● **THE TASK**: Leave every picture out and return the rest of the listing verbatim.

================

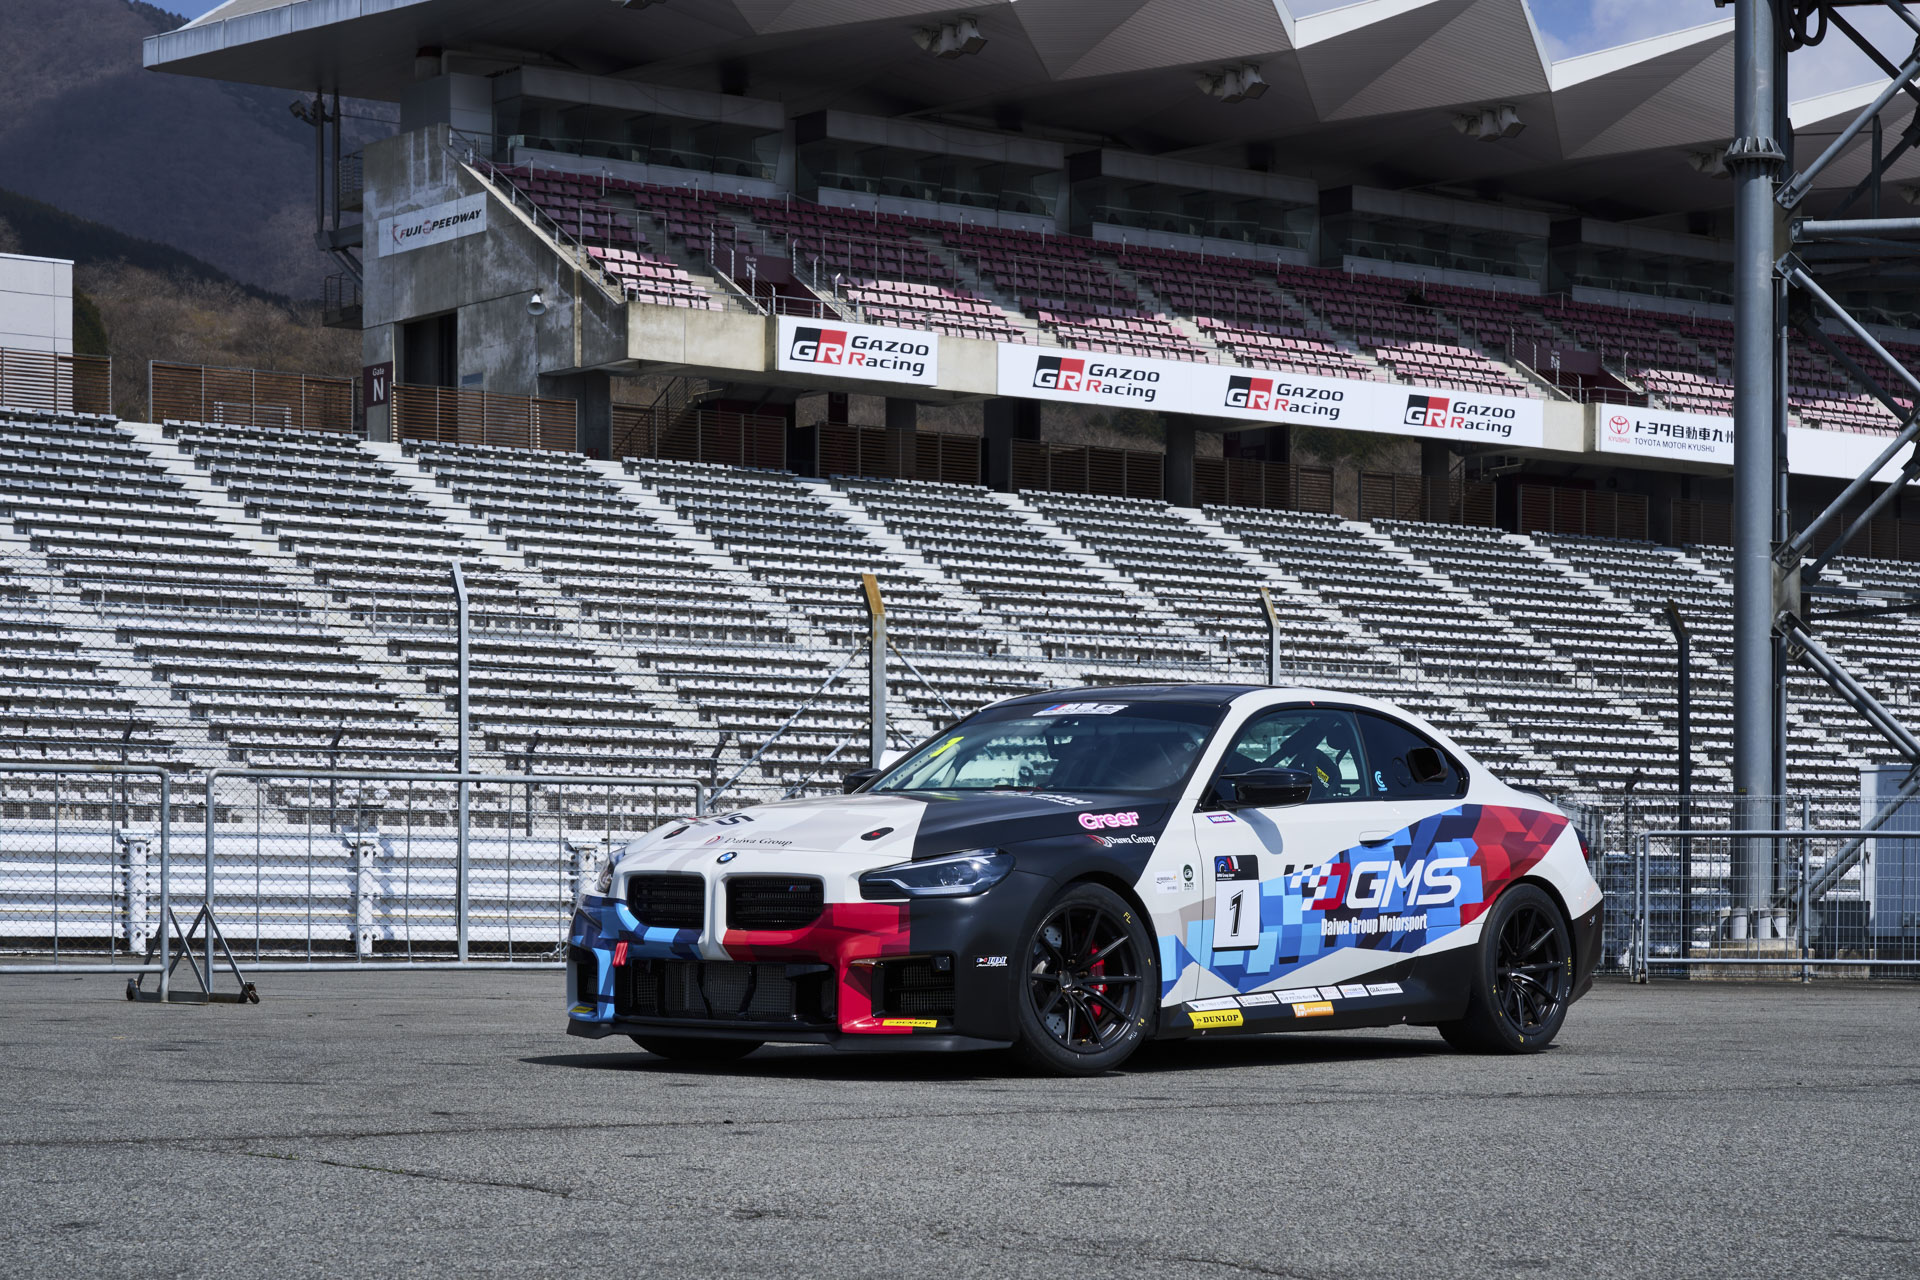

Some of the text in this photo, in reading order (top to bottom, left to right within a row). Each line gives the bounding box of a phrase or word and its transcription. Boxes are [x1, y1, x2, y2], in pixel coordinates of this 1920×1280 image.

[400, 225, 422, 240] FUJI
[791, 340, 843, 364] GR
[851, 335, 929, 356] GAZOO
[372, 368, 385, 376] Gate
[848, 352, 925, 377] Racing
[1088, 363, 1160, 383] GAZOO
[373, 377, 384, 402] N
[1034, 368, 1081, 391] GR
[1085, 379, 1157, 403] Racing
[1226, 388, 1270, 410] GR
[1276, 383, 1344, 402] GAZOO
[1274, 399, 1340, 421] Racing
[1405, 406, 1447, 428] GR
[1452, 401, 1516, 419] GAZOO
[1450, 416, 1512, 438] Racing
[1634, 437, 1716, 453] TOYOTA MOTOR KYUSHU
[1078, 811, 1139, 830] Creer
[724, 837, 793, 847] Daiwa Group
[1106, 833, 1157, 846] Daiwa Group
[1229, 889, 1244, 937] 1
[1320, 913, 1428, 936] Daiwa Group Motorsport
[1203, 1014, 1239, 1023] DUNLOP
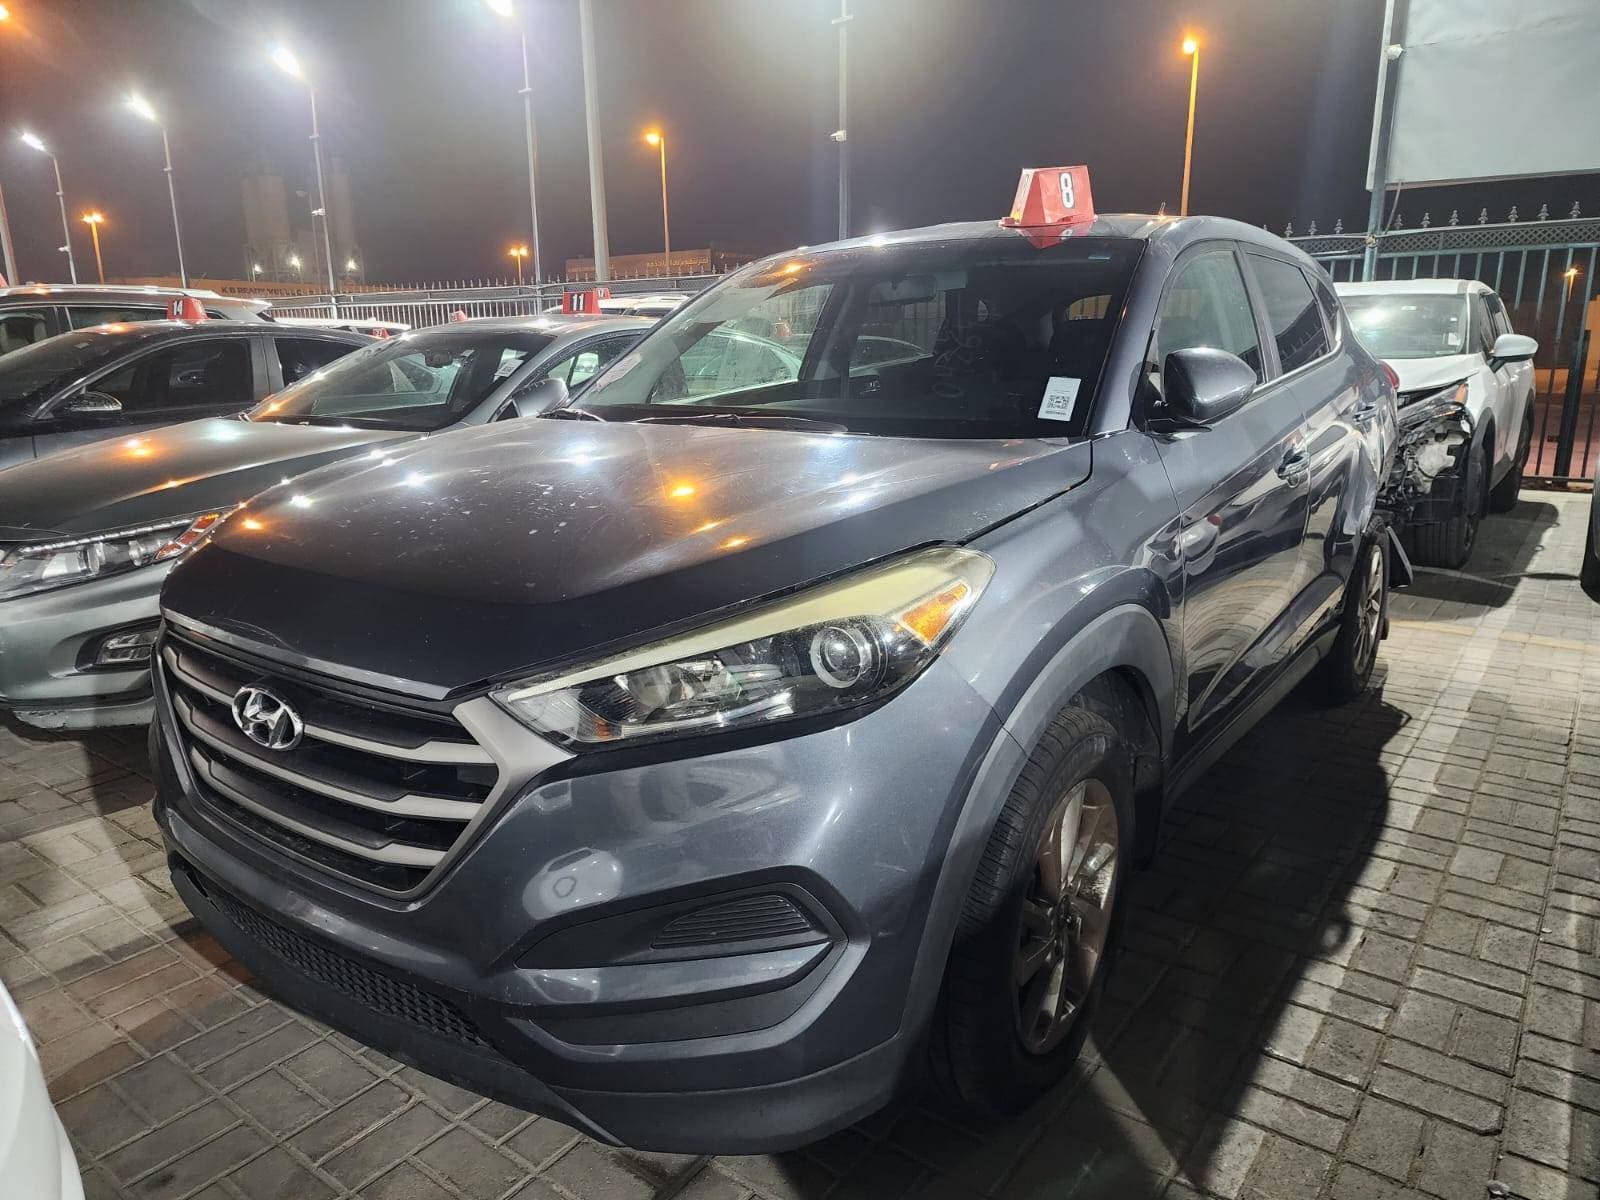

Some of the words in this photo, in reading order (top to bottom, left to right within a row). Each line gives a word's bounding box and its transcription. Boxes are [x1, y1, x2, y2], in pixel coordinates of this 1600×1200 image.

[1059, 172, 1074, 208] 8
[171, 299, 181, 316] 14
[571, 293, 585, 311] 11

================

● **WRITTEN SOLUTION**:
Some of the text in this photo, in reading order (top to bottom, left to right within a row). Each line gives the bounding box of a phrase or word and its transcription. Boxes are [x1, y1, x2, y2], in pixel coordinates of this 1920×1280 image.

[400, 225, 422, 240] FUJI
[791, 340, 843, 364] GR
[851, 335, 929, 356] GAZOO
[372, 368, 385, 376] Gate
[848, 352, 925, 377] Racing
[1088, 363, 1160, 383] GAZOO
[373, 377, 384, 402] N
[1034, 368, 1081, 391] GR
[1085, 379, 1157, 403] Racing
[1226, 388, 1270, 410] GR
[1276, 383, 1344, 402] GAZOO
[1274, 399, 1340, 421] Racing
[1405, 406, 1447, 428] GR
[1452, 401, 1516, 419] GAZOO
[1450, 416, 1512, 438] Racing
[1634, 437, 1716, 453] TOYOTA MOTOR KYUSHU
[1078, 811, 1139, 830] Creer
[724, 837, 793, 847] Daiwa Group
[1106, 833, 1157, 846] Daiwa Group
[1229, 889, 1244, 937] 1
[1320, 913, 1428, 936] Daiwa Group Motorsport
[1203, 1014, 1239, 1023] DUNLOP

Some of the words in this photo, in reading order (top to bottom, left to right within a row). Each line gives a word's bounding box and its transcription. Boxes are [x1, y1, x2, y2], in pixel coordinates of this 1600×1200 image.

[1059, 172, 1074, 208] 8
[171, 299, 181, 316] 14
[571, 293, 585, 311] 11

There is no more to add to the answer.